If an entry below holds a picture, leave the picture out and print the rest exactly.

**Image-backed grounding data**
= = = = =
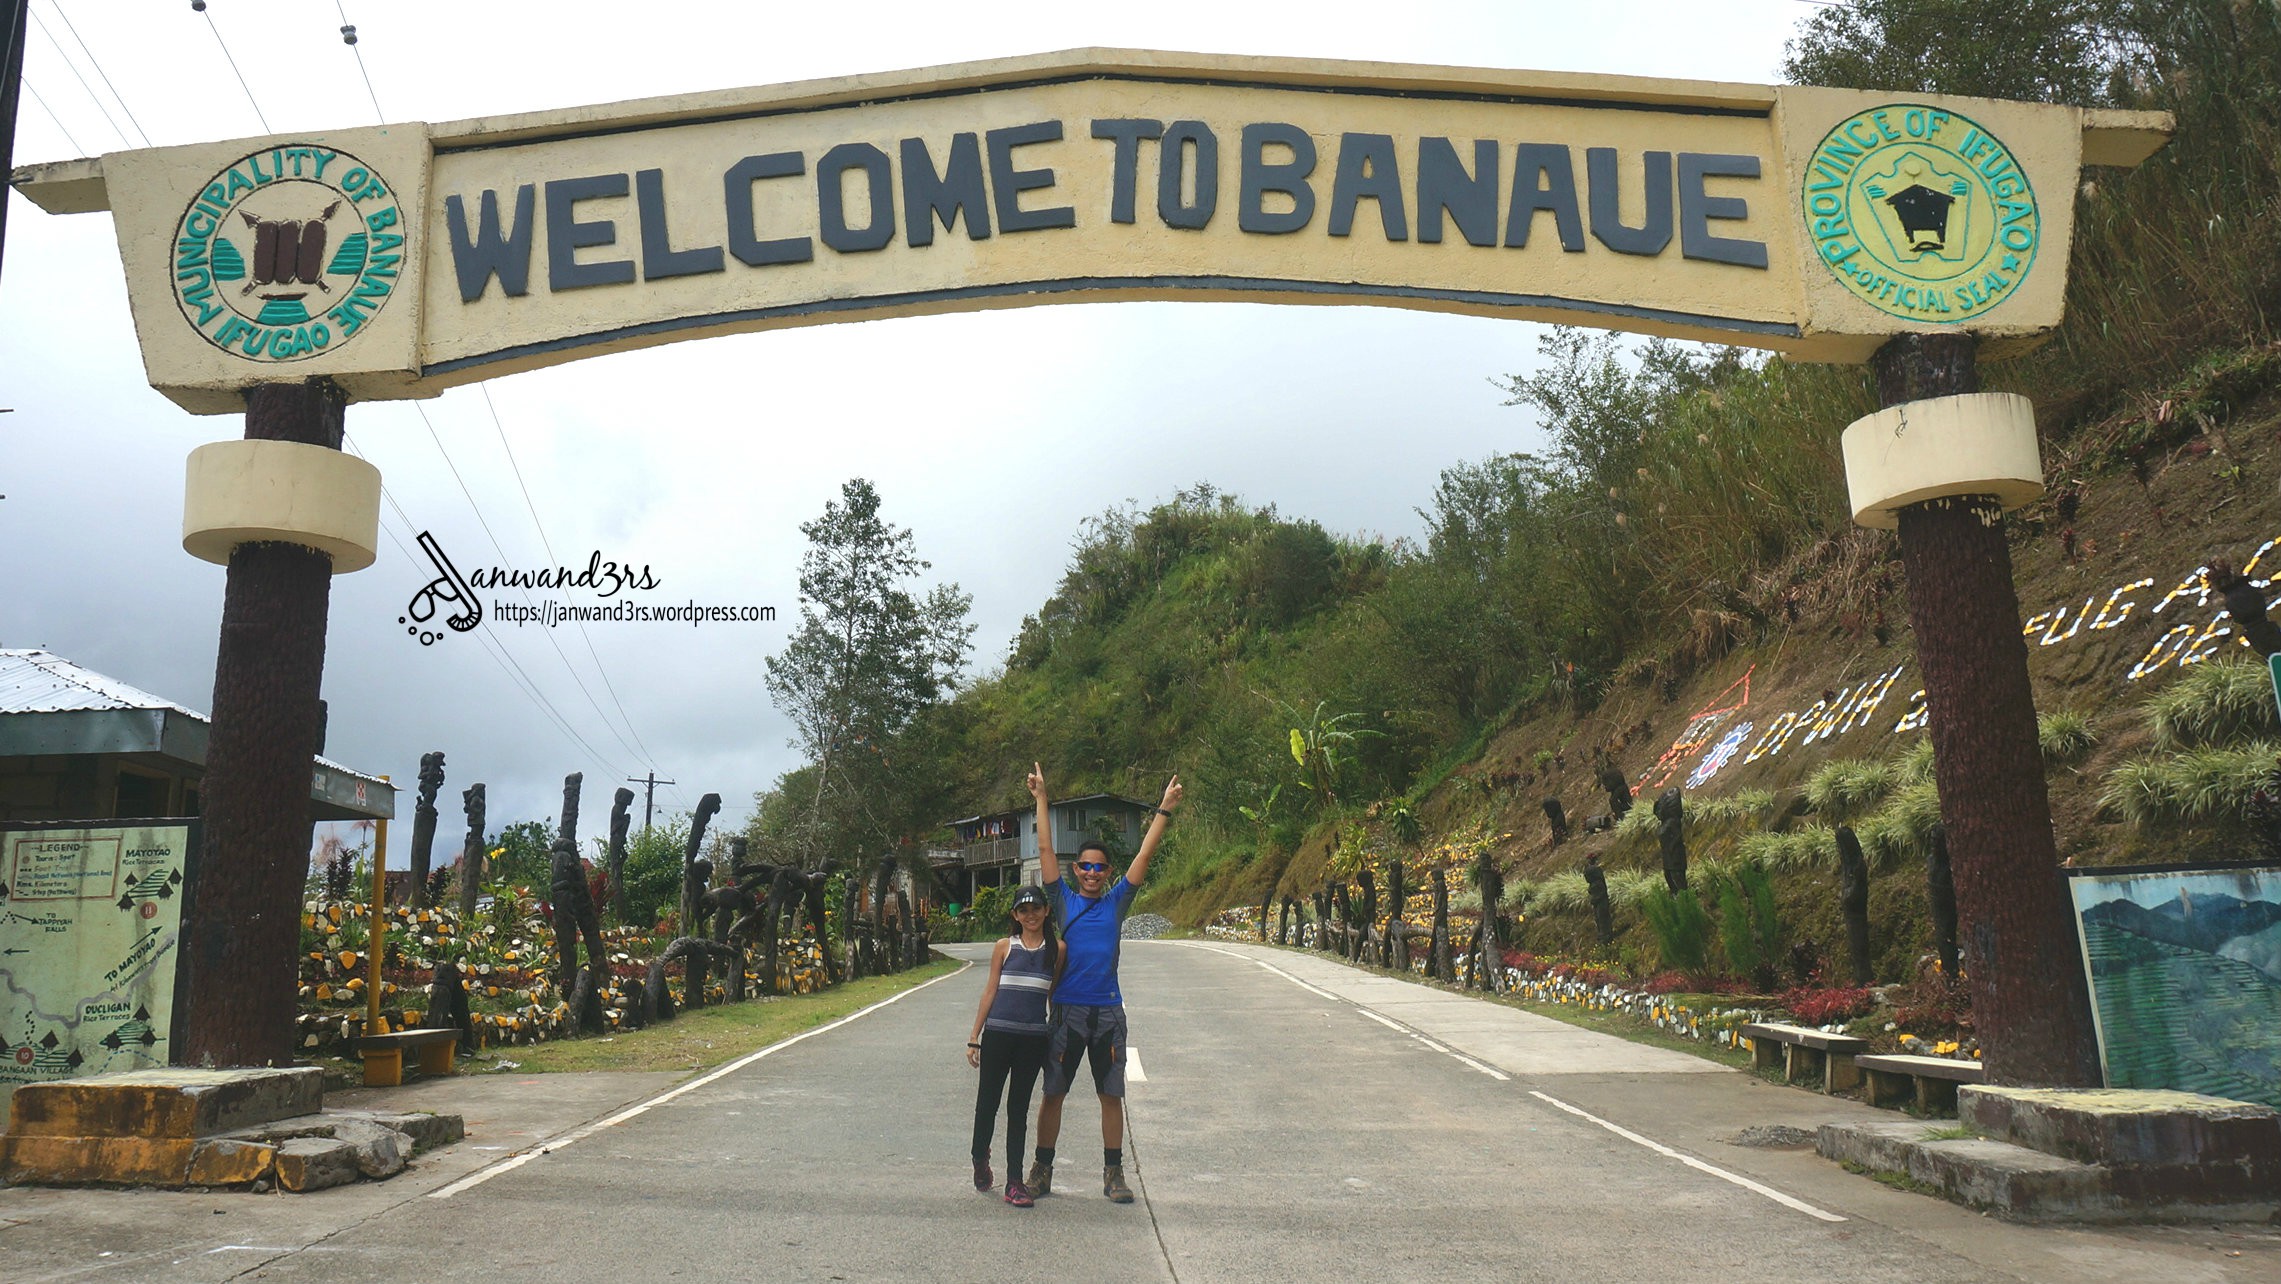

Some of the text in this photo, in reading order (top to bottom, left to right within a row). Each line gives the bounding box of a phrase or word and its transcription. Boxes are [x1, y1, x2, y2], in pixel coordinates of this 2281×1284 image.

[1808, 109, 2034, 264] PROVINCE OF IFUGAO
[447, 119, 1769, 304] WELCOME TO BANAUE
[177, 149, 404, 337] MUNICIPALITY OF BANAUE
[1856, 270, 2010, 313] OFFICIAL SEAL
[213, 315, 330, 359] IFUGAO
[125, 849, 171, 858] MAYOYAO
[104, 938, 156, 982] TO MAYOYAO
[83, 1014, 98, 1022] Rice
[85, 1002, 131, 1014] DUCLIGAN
= = = = =
**Answer space**
Some of the text in this photo, in reading order (top to bottom, left to right within a row). Each line gives the bounding box of a phrase or word and its transcription. Boxes are [x1, y1, x2, y2], in pixel coordinates of this 2281×1284 image.

[1808, 109, 2034, 264] PROVINCE OF IFUGAO
[447, 119, 1769, 304] WELCOME TO BANAUE
[177, 149, 404, 337] MUNICIPALITY OF BANAUE
[1856, 270, 2010, 313] OFFICIAL SEAL
[213, 315, 330, 359] IFUGAO
[125, 849, 171, 858] MAYOYAO
[104, 938, 156, 982] TO MAYOYAO
[83, 1014, 98, 1022] Rice
[85, 1002, 131, 1014] DUCLIGAN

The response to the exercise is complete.